No último dia 9 de setembro o BJC esteve na sede da 20th Century Fox do Brasil em São Paulo para entrevistar seu Diretor de Marketing Hegel Braga e conhecer alguns de seus lançamentos no país. Demorou um pouco, mas finalmente publicamos esta matéria, que teve como objetivo não só falar sobre as novidades, mas tirar todas as dúvidas que ainda restavam da entrevista de 2010 esclarecendo de maneira mais demorada alguns pontos.

Acredito que esta seja a melhor entrevista já publicada no BJC. As primeiras perguntas foram mais genéricas, falando de mercado e de algumas atitudes mais gerais da Fox, para depois entrarmos em questões mais pontuais de produtos específicos. Todas as perguntas foram elaboradas pela equipe do BJC, e nenhuma delas deixou de ser respondida.

Deixo aqui mais uma vez o agradecimento a todos da Fox e da agência Cinnamon por esta grande oportunidade e pelo canal de comunicação que se abriu a partir dessa entrevista, comprovando o que todos colecionadores estão percebendo: a Fox mudou e mudou para melhor.

Blog do Jotacê – Como está o mercado de home video no Brasil? Os produtos para locação continuam tendo suas vendas em queda?

Hegel Braga – O mercado de rental já teve uma participação maior no mercado do que ele tem hoje em dia no Brasil. O nosso país ainda é um dos lugares onde o mercado de locação ainda é mais forte no mundo, só perdendo para o Japão em número de transações (compra/aluguel). Então, ainda é um negócio muito importante, continuará sendo importante durante muito tempo. Pode um dia se transformar, como está agora com a distribuição digital. Mas a boa notícia é que, de um ano pra cá, ele parou de cair.
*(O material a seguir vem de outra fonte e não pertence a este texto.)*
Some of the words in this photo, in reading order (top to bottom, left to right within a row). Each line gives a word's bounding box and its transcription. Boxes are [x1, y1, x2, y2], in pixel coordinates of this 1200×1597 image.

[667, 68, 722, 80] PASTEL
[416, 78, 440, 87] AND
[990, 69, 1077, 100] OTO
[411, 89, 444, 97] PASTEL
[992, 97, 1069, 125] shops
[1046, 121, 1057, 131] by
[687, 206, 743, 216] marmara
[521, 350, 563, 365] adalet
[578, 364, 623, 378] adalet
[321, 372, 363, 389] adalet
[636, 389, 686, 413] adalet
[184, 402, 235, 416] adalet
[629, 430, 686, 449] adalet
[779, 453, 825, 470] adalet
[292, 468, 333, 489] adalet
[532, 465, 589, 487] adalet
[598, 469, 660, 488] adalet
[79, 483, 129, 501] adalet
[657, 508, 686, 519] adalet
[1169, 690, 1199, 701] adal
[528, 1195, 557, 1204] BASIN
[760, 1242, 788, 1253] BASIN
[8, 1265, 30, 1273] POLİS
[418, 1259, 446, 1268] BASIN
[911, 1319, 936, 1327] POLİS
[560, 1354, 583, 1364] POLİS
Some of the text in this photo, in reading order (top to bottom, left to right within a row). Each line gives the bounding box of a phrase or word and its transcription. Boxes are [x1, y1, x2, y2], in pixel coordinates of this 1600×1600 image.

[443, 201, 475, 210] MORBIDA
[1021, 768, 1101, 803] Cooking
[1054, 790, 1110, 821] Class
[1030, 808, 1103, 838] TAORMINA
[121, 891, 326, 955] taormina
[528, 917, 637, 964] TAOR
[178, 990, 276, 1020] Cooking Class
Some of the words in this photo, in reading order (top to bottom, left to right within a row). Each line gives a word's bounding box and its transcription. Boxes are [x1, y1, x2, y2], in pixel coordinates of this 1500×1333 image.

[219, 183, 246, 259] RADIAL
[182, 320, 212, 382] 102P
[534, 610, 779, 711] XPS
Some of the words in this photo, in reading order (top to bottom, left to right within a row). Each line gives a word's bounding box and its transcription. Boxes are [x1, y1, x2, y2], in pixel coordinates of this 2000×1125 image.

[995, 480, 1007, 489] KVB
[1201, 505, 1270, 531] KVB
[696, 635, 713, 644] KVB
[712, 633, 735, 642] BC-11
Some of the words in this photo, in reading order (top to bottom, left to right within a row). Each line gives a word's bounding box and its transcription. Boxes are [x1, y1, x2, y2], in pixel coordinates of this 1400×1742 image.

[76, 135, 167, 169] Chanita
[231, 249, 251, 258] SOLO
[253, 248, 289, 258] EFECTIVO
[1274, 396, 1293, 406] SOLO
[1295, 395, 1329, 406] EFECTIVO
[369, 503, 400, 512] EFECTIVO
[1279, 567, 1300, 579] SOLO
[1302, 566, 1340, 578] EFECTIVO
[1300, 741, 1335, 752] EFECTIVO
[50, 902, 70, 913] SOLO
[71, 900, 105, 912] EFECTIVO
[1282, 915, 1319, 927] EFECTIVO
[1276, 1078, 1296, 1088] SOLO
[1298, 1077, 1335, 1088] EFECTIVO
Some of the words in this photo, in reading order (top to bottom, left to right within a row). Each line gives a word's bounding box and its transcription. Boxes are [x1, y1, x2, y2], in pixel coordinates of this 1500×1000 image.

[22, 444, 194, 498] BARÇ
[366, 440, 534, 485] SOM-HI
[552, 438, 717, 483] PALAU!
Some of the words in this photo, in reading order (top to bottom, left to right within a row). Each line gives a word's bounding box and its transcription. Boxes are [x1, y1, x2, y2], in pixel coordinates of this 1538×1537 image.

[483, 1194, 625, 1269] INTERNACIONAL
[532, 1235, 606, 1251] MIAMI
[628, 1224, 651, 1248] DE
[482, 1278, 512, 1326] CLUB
Tivemos uma queda muito forte nos últimos quatro anos, mas no último ano houve uma estabilização.

O Blu-ray é, em parte, responsável por isso, ajudando a estancar essa queda e a fazer alguns consumidores que tinham abandonado as locadoras, por uma série de motivos (deslocamento, tempo, atendimento de qualidade duvidosa). O poder aquisitivo da população ter aumentado nos últimos anos de alguma forma interferiu também. As pessoas começaram a ter dinheiro pra sair pra jantar, viajar, comprar bens duráveis. Então, apesar de ter mais dinheiro, ele está direcionado para outras atividades. Toda essa mudança teve um impacto no rental.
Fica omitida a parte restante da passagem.